Louis de Pointe du Lac 1766-1794
He
rested against the tomb behind him, another one of those little temples, like
his own, with a peristyle roof.
"I
only wanted to see it again," he said. He reached out and touched the
writing with his finger.
It had
faded only slightly from the weather wearing at the surface of the stone. The
dust and grime had made it all the clearer, darkening each letter and numeral.
Was he thinking of what the world had been in those years?
I
thought of her dreams, her garden of peace on earth, with flowers springing
from the blood-soaked soil.
"Now
we can go home," he said.
Home. I
smiled. I reached out and touched the graves on either side of me; I looked up
again at the soft glow of the city lights against the ruffled clouds.
"You're
not going to leave us, are you?" he asked suddenly, voice sharpened with
distress.
"No,"
I said. I wished I could speak of it, all the things that were in the book.

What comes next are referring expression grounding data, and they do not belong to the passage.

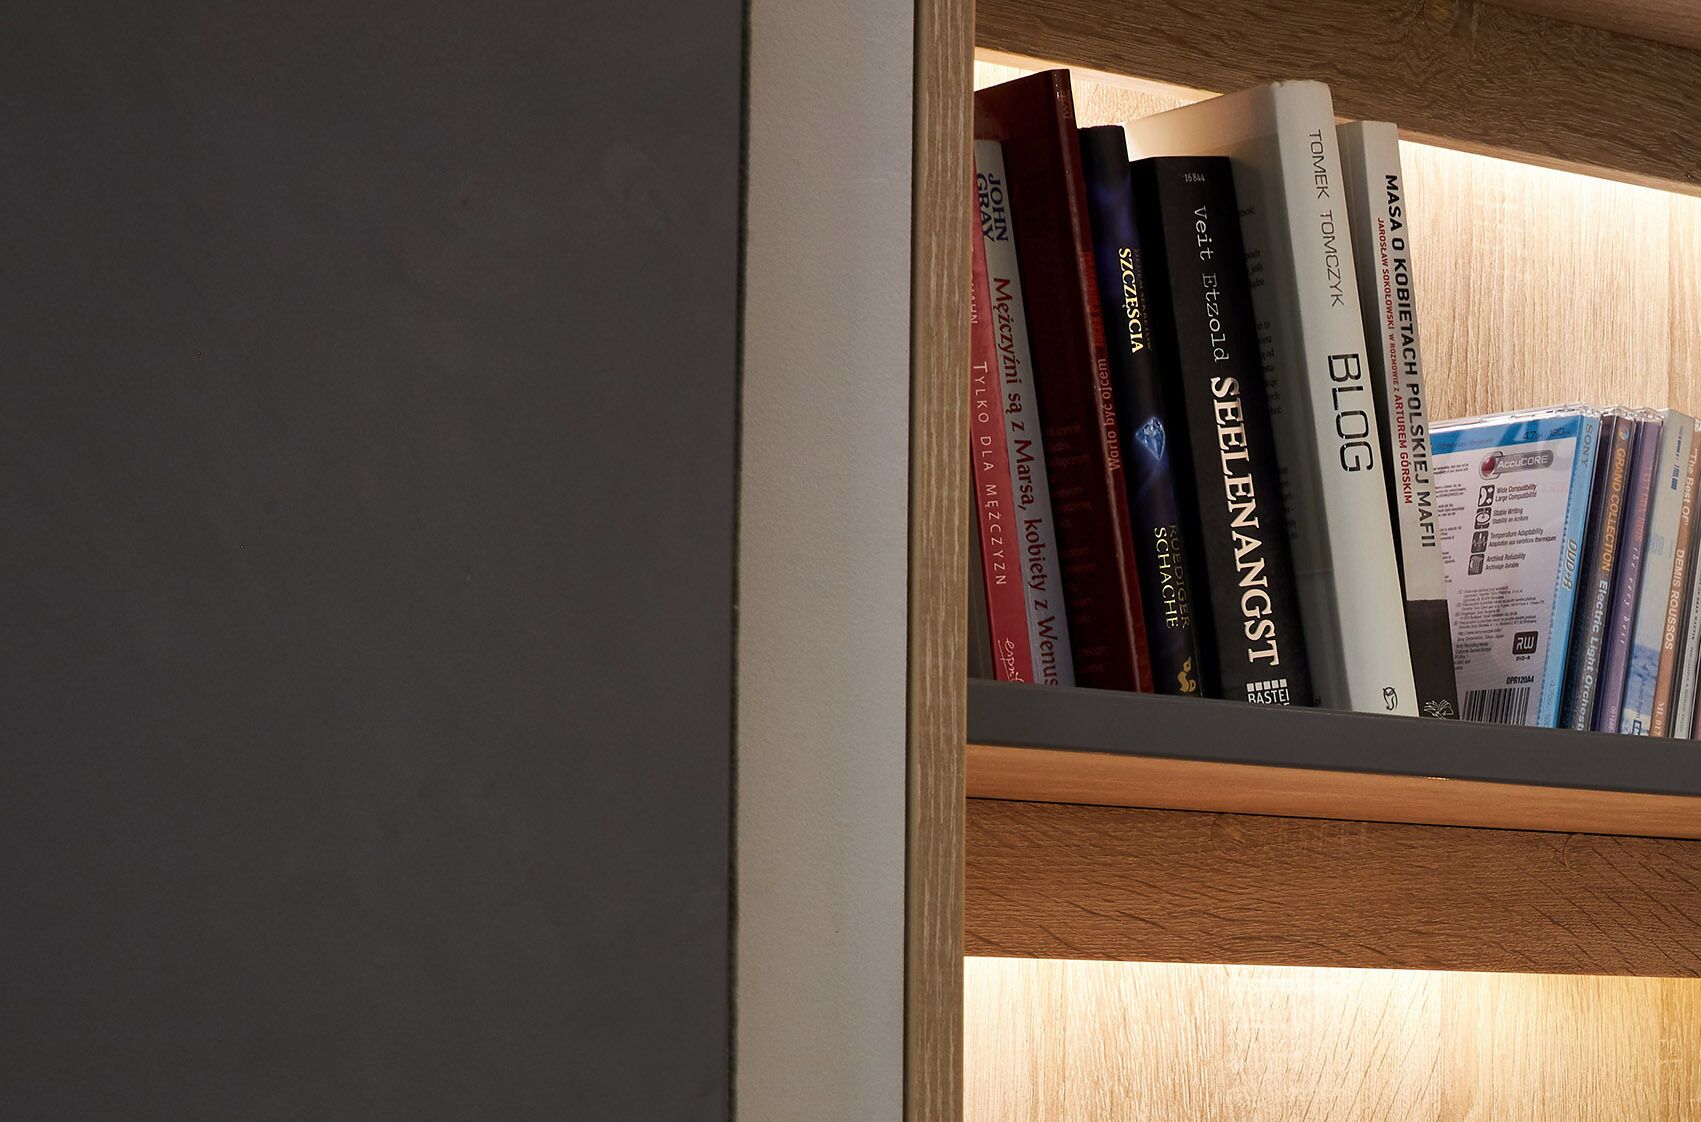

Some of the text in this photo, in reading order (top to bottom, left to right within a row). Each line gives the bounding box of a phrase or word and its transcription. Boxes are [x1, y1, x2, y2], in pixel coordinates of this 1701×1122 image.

[977, 173, 995, 242] GRAY
[988, 173, 1008, 242] JOHN
[1309, 129, 1344, 307] TOMEK TOMCZYK
[1378, 218, 1388, 267] JAROSŁAW
[1194, 205, 1230, 363] Veit Etzold
[1382, 269, 1395, 330] SOKOŁOWSKI
[993, 277, 1022, 384] Mężczyźni
[1385, 174, 1436, 548] MASA O KOBIETACH POLSKIEJ MAFII
[1097, 358, 1113, 400] ojcem
[1390, 343, 1399, 385] ROZMOWIE
[1005, 392, 1022, 414] są
[1010, 421, 1025, 433] z
[1328, 352, 1374, 473] BLOG
[1393, 394, 1407, 449] ARTUREM
[972, 361, 1007, 585] TYLKO DLA MĘŻCZYZN
[1014, 439, 1035, 511] Marsa,
[1107, 431, 1121, 471] Warto
[1400, 452, 1413, 504] GÓRSKIM
[1581, 423, 1593, 469] SONY
[1210, 376, 1280, 667] SEELENANGST
[1601, 447, 1626, 571] GRAND COLLECTION
[1682, 478, 1694, 504] Best
[1024, 518, 1048, 592] kobiety
[1154, 527, 1179, 630] SCHACHE
[1036, 599, 1048, 610] z
[1593, 580, 1608, 634] Electric
[1664, 550, 1686, 650] DEMIS ROUSSOS
[1586, 636, 1599, 672] Light

"You know, we were lovers, she and I, as surely as a mortal man and woman
ever were."
"Of
course, I know," he said.
I
smiled. I kissed him suddenly, thrilled by the warmth of him, the soft pliant
feel of his near human skin. God, how I hated the whiteness of my fingers
touching him, fingers that could have crushed him now effortlessly. I wondered
if he even guessed.
There
was so much I wanted to say to him, to ask him. Yet I couldn't find the words really,
or a way to begin. He had always had so many questions; and now he had his
answers, more answers perhaps than he could ever have wanted; and what had this
done to his soul? Stupidly I stared at him. How perfect he seemed to me as he
stood there waiting with such kindness and such patience. And then, like a
fool, I came out with it.
"Do
you love me now?" I asked.
He
smiled; oh, it was excruciating to see his face soften and brighten
simultaneously when he smiled. "Yes," he said.
"Want
to go on a little adventure?" My heart was thudding suddenly. It would be
so grand if- "Want to break the new rules?"
"What
in the world do you mean?" he whispered.
I
started laughing, in a low feverish fashion; it felt so good. Laughing and
watching the subtle little changes in his face. I really had him worried now.

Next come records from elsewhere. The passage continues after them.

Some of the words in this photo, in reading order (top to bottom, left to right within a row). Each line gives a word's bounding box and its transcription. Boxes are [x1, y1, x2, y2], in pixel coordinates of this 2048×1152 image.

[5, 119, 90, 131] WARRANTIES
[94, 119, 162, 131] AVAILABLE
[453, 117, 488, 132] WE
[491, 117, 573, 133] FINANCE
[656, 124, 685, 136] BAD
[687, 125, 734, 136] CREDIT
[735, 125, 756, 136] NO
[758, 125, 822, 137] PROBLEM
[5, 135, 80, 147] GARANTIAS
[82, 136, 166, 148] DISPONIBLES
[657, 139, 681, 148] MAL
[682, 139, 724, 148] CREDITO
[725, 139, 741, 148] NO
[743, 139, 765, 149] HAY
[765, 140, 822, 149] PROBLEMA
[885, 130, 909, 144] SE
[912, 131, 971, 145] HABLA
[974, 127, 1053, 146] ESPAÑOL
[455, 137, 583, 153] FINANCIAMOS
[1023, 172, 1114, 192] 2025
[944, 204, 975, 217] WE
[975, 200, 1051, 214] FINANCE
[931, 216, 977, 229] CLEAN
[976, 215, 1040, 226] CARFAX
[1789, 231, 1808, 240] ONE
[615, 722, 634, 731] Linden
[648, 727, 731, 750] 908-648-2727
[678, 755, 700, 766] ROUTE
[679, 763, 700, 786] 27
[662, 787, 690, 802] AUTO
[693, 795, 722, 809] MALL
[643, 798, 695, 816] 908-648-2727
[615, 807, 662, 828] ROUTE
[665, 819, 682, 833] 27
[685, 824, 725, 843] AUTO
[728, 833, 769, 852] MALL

And the truth was, I didn't know if I could do it. Without her. What if I
plunged like Icarus-?
"Oh,
come now, Louis," I said. "Just a little adventure. I promise, I have
no designs this time on Western civilization, or even on the attentions of two
million rock music fans. I was thinking of something small, really. Something,
well, a little mischievous. And rather elegant. I mean, I've been awfully good
for the last two months, don't you think?"
"What
on earth are you talking about?"
"Are
you with me or not?"
He gave
another little shake of his head again. But it wasn't a No. He was pondering.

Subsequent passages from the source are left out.